I don't have much information on any of them. Maud (Mary) Miller edited film books just after the war and was editor of the Girl Television and Film Annual (1962) -- she was probably editoress of all six editions (the first five, published in 1957-61, were entitled Girl Film and Television Annual, indicating how important TV was becoming by the early 1960s).

I know nothing about Roger Wilkinson or Margaret Thomas (apart from the fact that Margaret Thomas contributed a couple of stories to Girl) but Barbara Wace would appear to be a very likely suspect.
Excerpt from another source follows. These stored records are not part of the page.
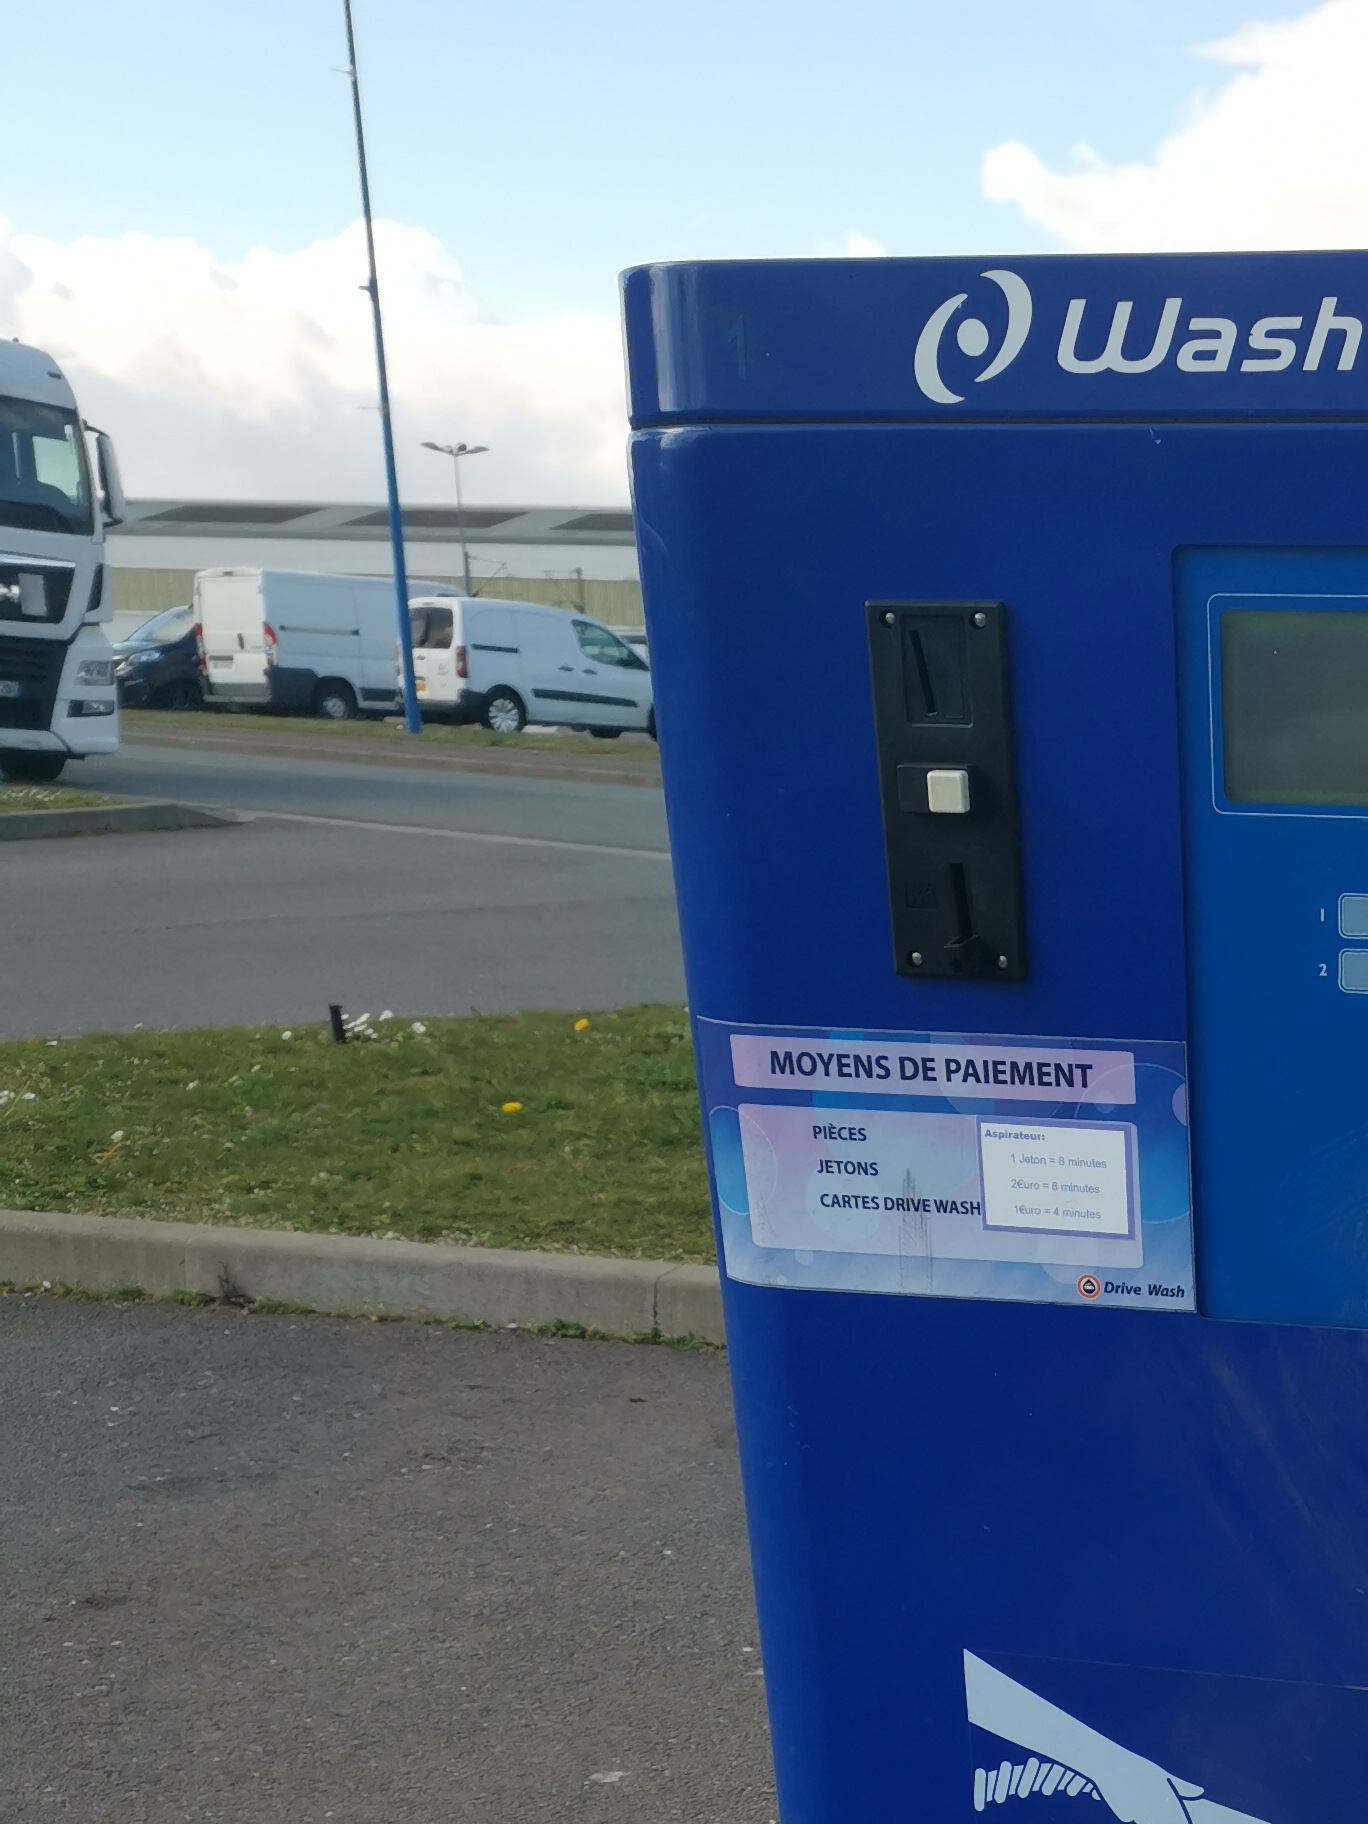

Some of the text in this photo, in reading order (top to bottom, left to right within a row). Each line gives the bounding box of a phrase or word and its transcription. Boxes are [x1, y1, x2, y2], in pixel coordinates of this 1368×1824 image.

[1317, 962, 1328, 977] 2
[769, 1050, 1094, 1089] MOYENS DE PAIEMENT
[812, 1122, 868, 1142] PIÈCES
[984, 1128, 1046, 1142] Aspirateur:
[816, 1158, 879, 1177] JETONS
[1010, 1153, 1016, 1164] 1
[1019, 1153, 1047, 1166] Jeton
[1058, 1155, 1065, 1167] 8
[1068, 1156, 1108, 1169] minutes
[1051, 1181, 1058, 1192] 8
[1060, 1183, 1101, 1194] minutes
[819, 1193, 982, 1216] CARTES DRIVE WASH
[1053, 1206, 1060, 1217] 4
[1062, 1207, 1102, 1219] minutes
[1103, 1280, 1185, 1298] Drive Wash
Wace was born in Gillingham, Kent, on 4 September 1907, into an Army family and was educated at the Royal High School, Bath. She spent much of her childhood in Germany where her father, Brigadier E. C. Wace, was serving with the British occupying forces and, in 1920-21, was British Commissioner of the Saar Boundary Delimitation Committee. She trained as a secretary and her knowledge of German helped her get a job with the British Embassy in Berlin where she was working at the time of the 1936 Olympic Games.
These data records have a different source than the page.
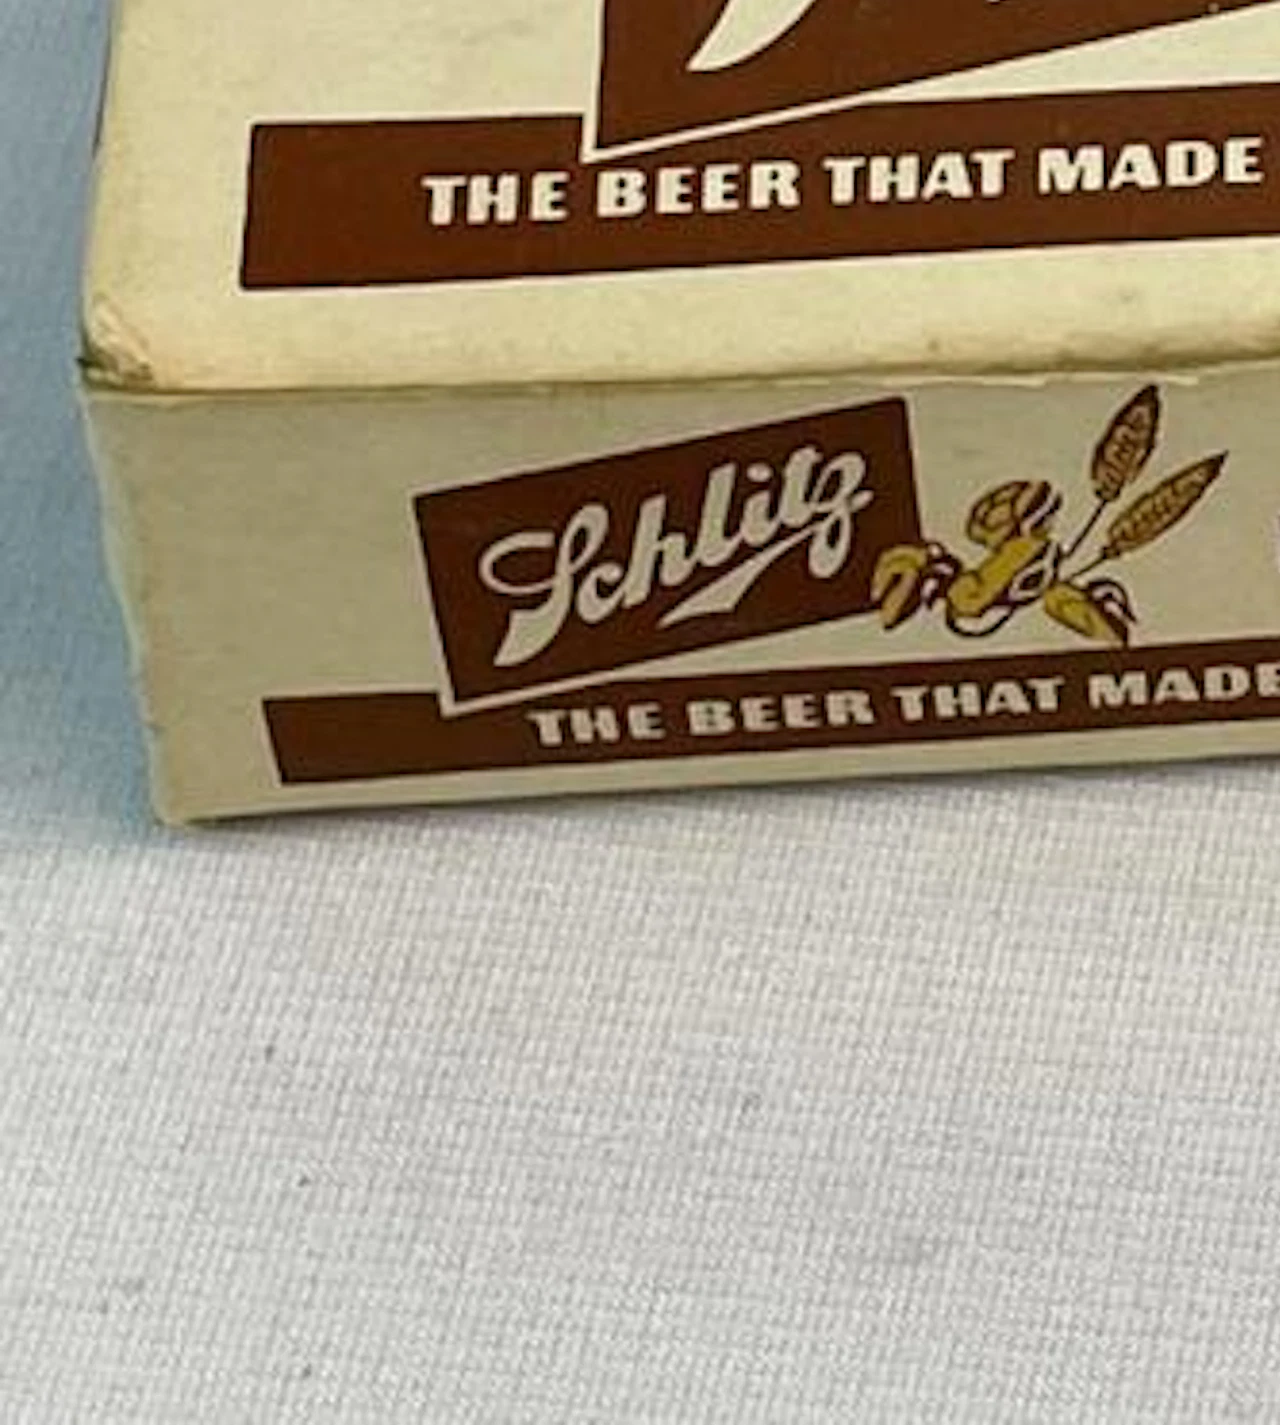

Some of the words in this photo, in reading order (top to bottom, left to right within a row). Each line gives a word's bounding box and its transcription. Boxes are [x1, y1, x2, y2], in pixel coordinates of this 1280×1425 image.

[422, 170, 570, 226] THE
[595, 160, 801, 219] BEER
[823, 148, 1015, 206] THAT
[1037, 135, 1265, 195] MADE
[478, 443, 875, 667] Schlitz
[527, 702, 664, 747] THE
[687, 689, 876, 737] BEER
[891, 677, 1067, 724] THAT
In 1940 she transferred to Washington and then New York and San Francisco, helping to set up the British information service which fed material to the American press. In 1942, she returned to the UK and applied for a job with the Ministry of Labour. Because of her travels to America she was offered a post with the news agency Associated Press (AP) which allowed her to become accredited to US forces. In 1944, she became the first British woman to report on the Allied invasion of Normandy, sent to France to cover the arrival of the Women's Army Corps four weeks after D-Day. Wace, who could speak French, travelled around some of the devestated villages interviewing some of the villagers about their devestated lives.

Wace was sent to cover the siege at Brest where the German army was holding out. However, a male reporter was sent to cover the last days of the siege and she received no byline. When her belongings were stolen, she sent a telegram to AP's London office which read: "Lost skirt, Brest fallen".
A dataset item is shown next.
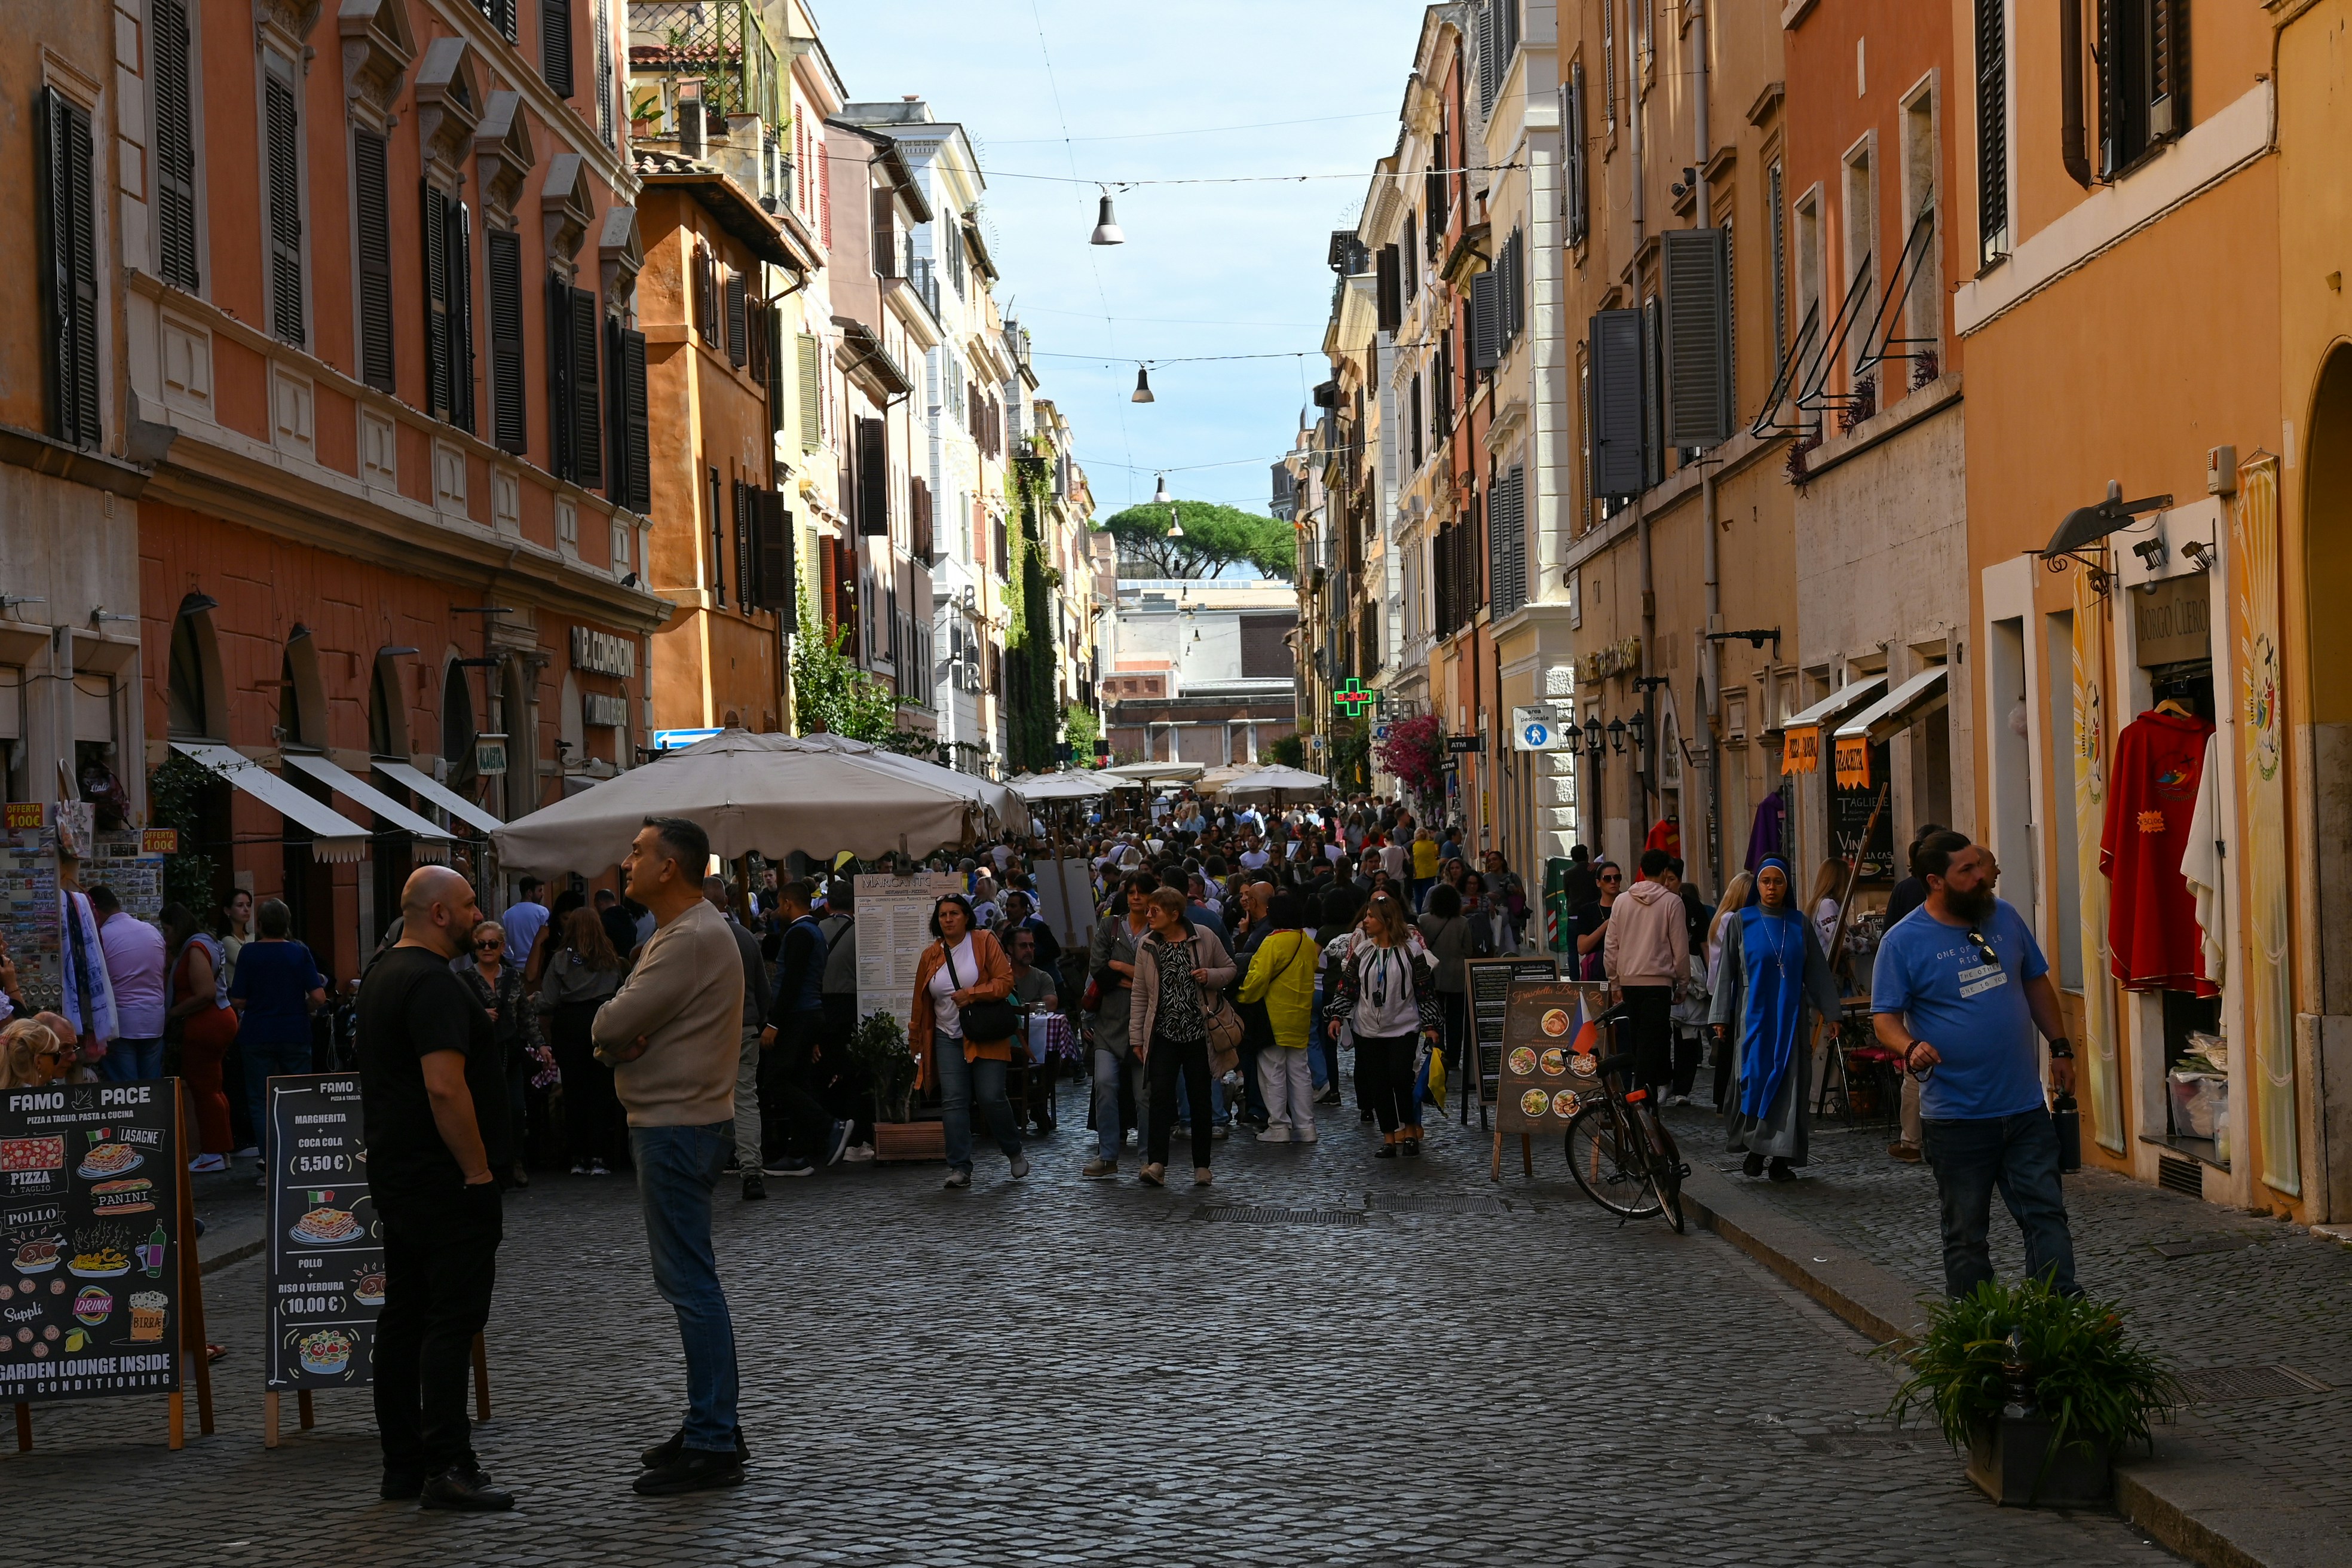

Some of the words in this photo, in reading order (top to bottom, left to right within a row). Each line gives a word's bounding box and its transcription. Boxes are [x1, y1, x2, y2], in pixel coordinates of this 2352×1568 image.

After the war she travelled extensively, travelling extensively in America and, on the strength of selling several travel articles to Reader's Digest, went freelance as a writer and photographer. She broadcast on the BBC World Service and wrote for the Manchester Guardian and New York Times. She visited at least 60 countries, often the first to report from little known parts of the world such as on her 1957 trip to Albania. Wace wrote extensively about the Middle East.

She continued to make a living as a journalist until well into her 80s. For forty years she lived in an attic flat in Fleet Street, until 1988 when climbing the 96 stairs became too much. She moved to a flat in the Barbican and, later, to a residential home in Blackheath where she died on 16 January 2003, aged 95.

Her travels around the middle and far east make her a very strong suspect as the possible author of Sue Carter, whose adventures took her to the Middle East, Egypt and elsewhere.

By similar logic, I've narrowed down the name of the artist to a handful of suspects: Ursula Blau, John Brinkley Ann Parker, D. H. Ralphs, Eric Winter, Bill White and John Woods. A little more research is needed before I take a stab at who drew the strip but, for now, Barbara Wace is my top suspect as scriptwriter.